A single exercise program may not be proper for every patient as some could not be done safely nor satisfactorily by all participants due to risk of muscle injuries and adverse cardiovascular events causing a high number of dropouts [27]. Hence, it needs to be determined whether the exercise program is suitable for the patient. When necessary, the program should be adapted according to individual characteristics together with an exercise counselor providing motivational support to stimulate patients to stay more active [48]. Even the most effective exercise programs would not keep the interest of patients if composed of repetitive routines only. Therefore, careful planning of the content of the exercise programs with the motivation and continued participation of the patients in mind is essential [33, 91]. Innovative ideas such as virtual reality exercise programs have been successfully implemented to pass these barriers [33].

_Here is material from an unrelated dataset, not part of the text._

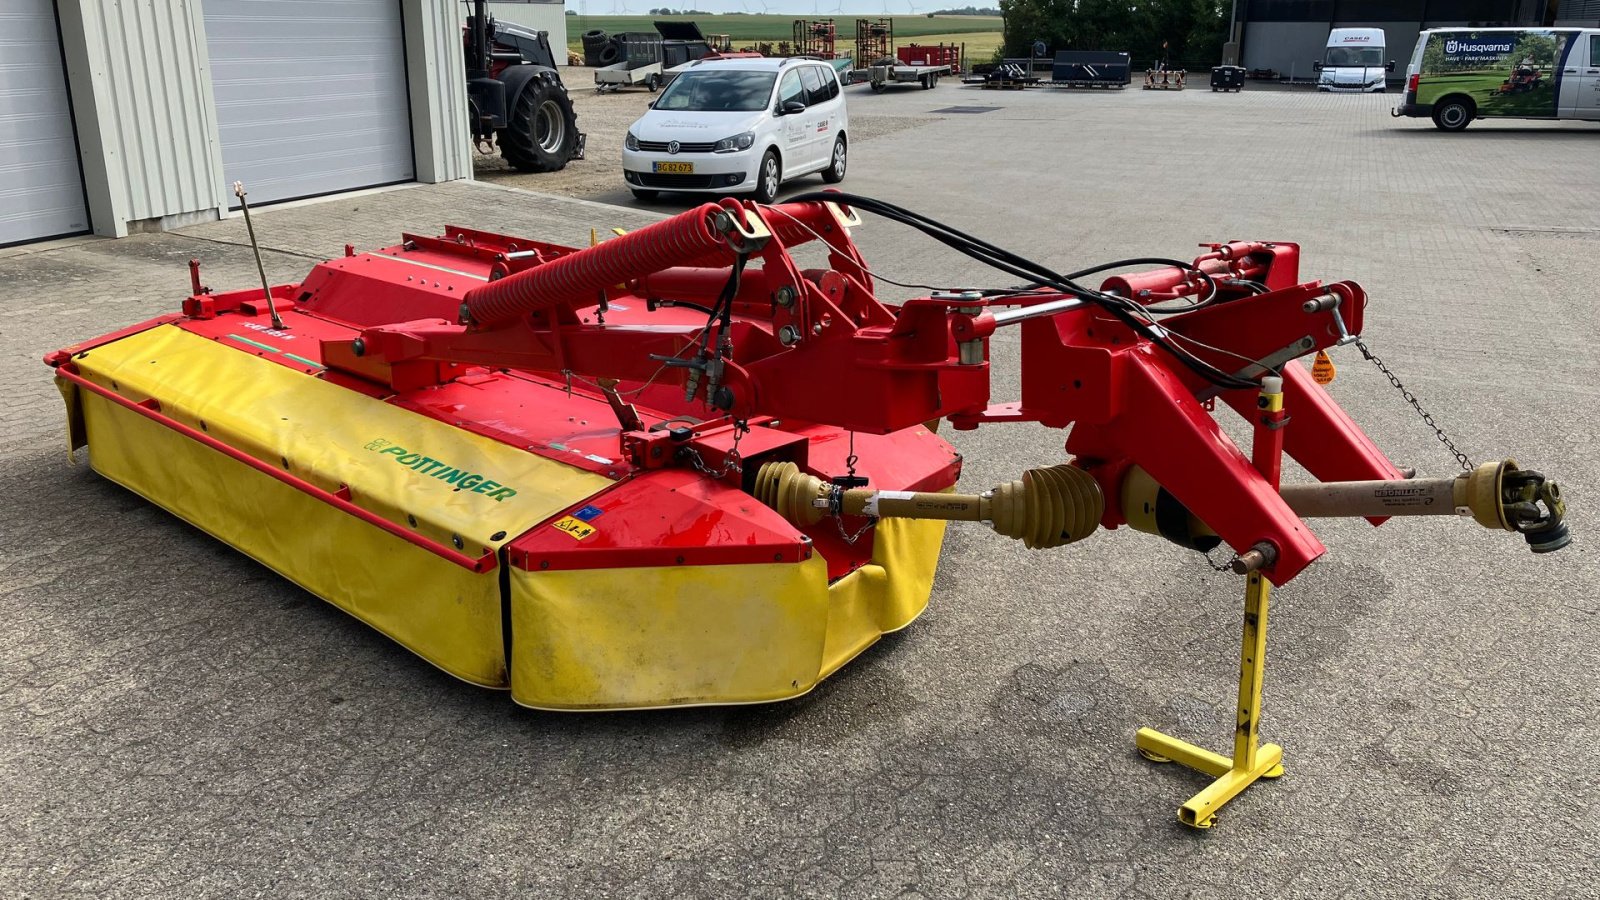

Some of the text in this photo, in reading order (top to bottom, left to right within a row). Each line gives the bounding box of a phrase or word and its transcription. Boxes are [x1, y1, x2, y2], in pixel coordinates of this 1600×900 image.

[1458, 43, 1510, 53] Husqvarna
[657, 163, 692, 172] BG 82 673

One should also consider making meta-analysis instead of writing a narrative review. However, as previous studies were very heterogeneous regarding the type of exercise performed (type of training and duration) and the type of assessment, we proposed that a narrative review would be better suited to describe the findings. This also brings the issue that while writing the review we could not be certain to suggest firm conclusions. Since this review involves both observational and a few interventional studies, higher quality and strength is needed to make such suggestions. So the mode of presentations both in text and in tables is arranged accordingly and not so stringent.

Conclusion

Exercise training in CKD and ESRD patients has various beneficial effects on various domains such as physical function, muscle atrophy, depression and quality of life. The mechanisms behind these beneficial effects of exercise are not fully elucidated. However, mechanisms such as increased growth factors, increased secretion of endorphins, decreased sympathetic overactivity and decreased inflammation all have been suggested. Since the area is still evolving, there are conflicting issues and unknowns. More research is needed to fully elucidate the beneficial effects of exercise and to investigate whether exercise has also impact on hard outcomes such as mortality.